Since consciously and fully walking away from evangelicalism in 2019, I have been progressively loosening my grip and letting go of the fear of being out of God’s will. And there’s a lot more I could say about the stages and phases that led me where I currently reside (tell your friend to offer me a book deal 👀) but the TL;DW conclusion is that I believe if there is a God and if He does have a divine plan for my life it is impossible for me to inadvertently to wander out of it. If God is and all the propaganda about Him having knit me together and knowing me better than I know myself is true, then if I am not “saved” right now, it has to be His will and part of His plan. Because I don’t know what it would take to get me back onboard, but He should. And everyday that He is actively choosing not to do that thing (whatever it is), is another day that He is not clearly not worried about my eternal soul. Now, whether that's because, as far as God is concerned, I am actually saved or because He ultimately doesn’t care about my soul, makes no difference to me, I’m not a fan either way. So… here we are. And I’m not worried about it.

So then why did I have such a hard time deciding whether or not to move back to California?

“My nervous system is still evangelical.”
- Ashlee’ Watkins

I can’t remember when the idea of moving back to California first wandered across my mind, but I’m pretty sure it was sometime last summer. And I know I definitely had a conversation about it with my friend, Kristina, when she visited NYC in September, and then I think it was in November when I was doing a tarot pull and everything was about big changes and big moves and I was crying big tears because I knew what it meant. So when we settled with our landlord in March and agreed to a May 15th move-out date, starting to plan my next steps should have been easy, but just in case, I said I would give myself until April 15th to make a final decision. And then proceeded to put myself through three weeks of anxious agony weighing up all the options. Because living in New York isn’t easy, but dammit - it’s the devil I know. And my core friends are here. And moving within a city is discombobulating enough, moving cross-country is downright daunting. And honestly, I’m too poor to stay or go, but if I stayed I could keep more of my stuff. And what if I was wrong?

What if the thoughts about leaving New York and the conversations and confirmations and signs were all just tricks of the enemy to get me to make a huge mistake?

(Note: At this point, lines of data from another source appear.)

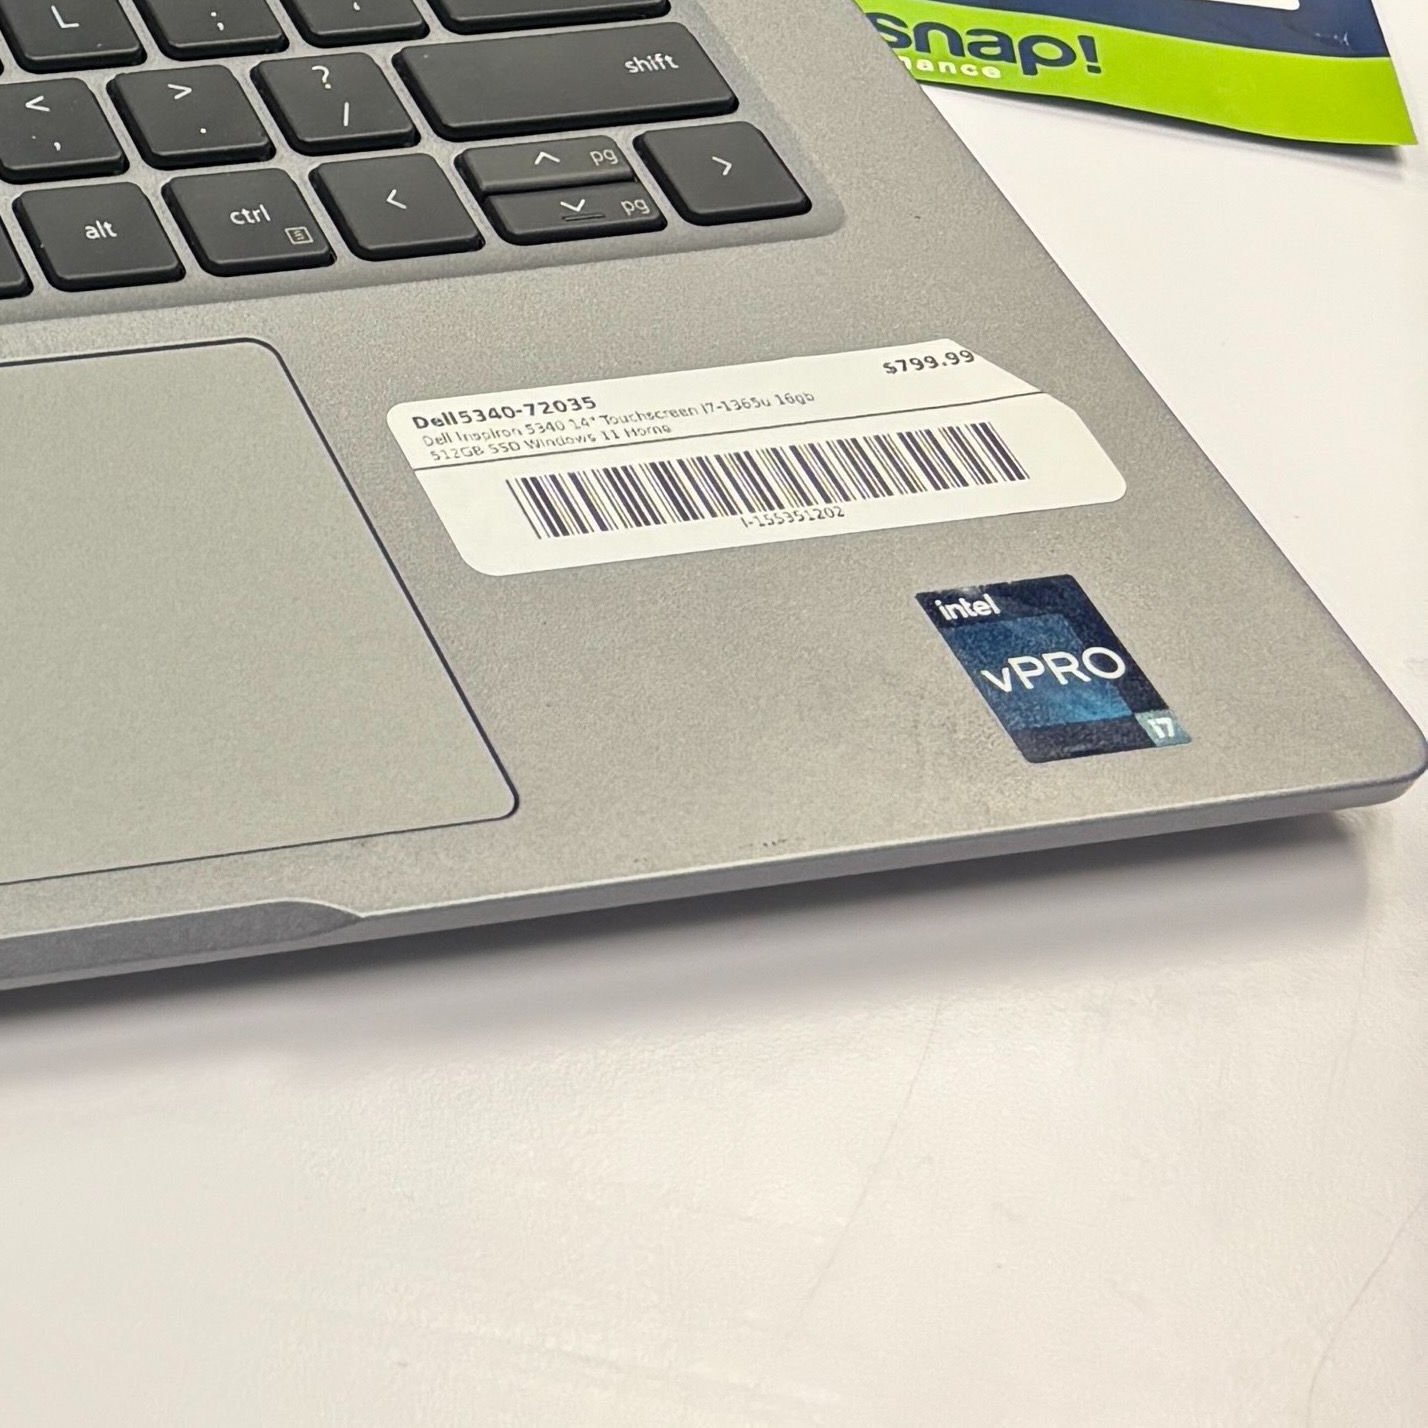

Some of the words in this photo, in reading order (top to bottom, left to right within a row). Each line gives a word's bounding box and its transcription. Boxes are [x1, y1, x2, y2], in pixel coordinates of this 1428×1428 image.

[865, 11, 1102, 76] snap!
[625, 54, 678, 72] shift
[899, 55, 1002, 79] nance
[590, 150, 618, 165] pg
[230, 205, 270, 224] ctrl
[621, 200, 650, 215] pg
[85, 221, 117, 239] alt
[412, 396, 598, 431] Dell5340-72035
[883, 347, 976, 377] $799.99
[423, 431, 453, 448] Dell
[456, 427, 522, 446] Inspiron
[525, 419, 566, 436] 5340
[600, 405, 699, 426] Touchscreen
[774, 390, 816, 408] 16gb
[430, 446, 485, 462] 512GB
[487, 440, 522, 455] SSD
[525, 433, 597, 452] Windows
[602, 431, 620, 442] 11
[623, 424, 673, 439] Home
[935, 594, 1000, 620] intel
[981, 647, 1125, 692] vPRO
[1147, 718, 1174, 738] i7

So at the beginning of April, I made the decision to stay in New York and started looking into my options - pricing one bedroom apartments and looking at full-time job listings and trying to pump myself up into believing I could be happy making it work. But the idea of California just wouldn’t leave me alone. So I decided to try on that decision and on April 13th, I texted my dad to float the idea of moving back and when his response was supportive, nothing in me felt combative or sad about that. So if it was the enemy trying to trick me, my flesh was definitely onboard as well, so then I had a brief moment of panic that maybe the two “bad” voices were teaming up to drown out the good one with the good decision, but then I remembered something:

I don’t even believe in the enemy anymore.

Does evil exist in the world? Yes. Clearly. But is that evil generated by a devil? The Devil? Who has a team of minions, some of which are tasked with following humans around, with one specifically assigned to me to trick me into doing things? I don’t think so. So who has been putting ideas into my head? Whose voice have I been hearing? For better and worse? I think… Mine.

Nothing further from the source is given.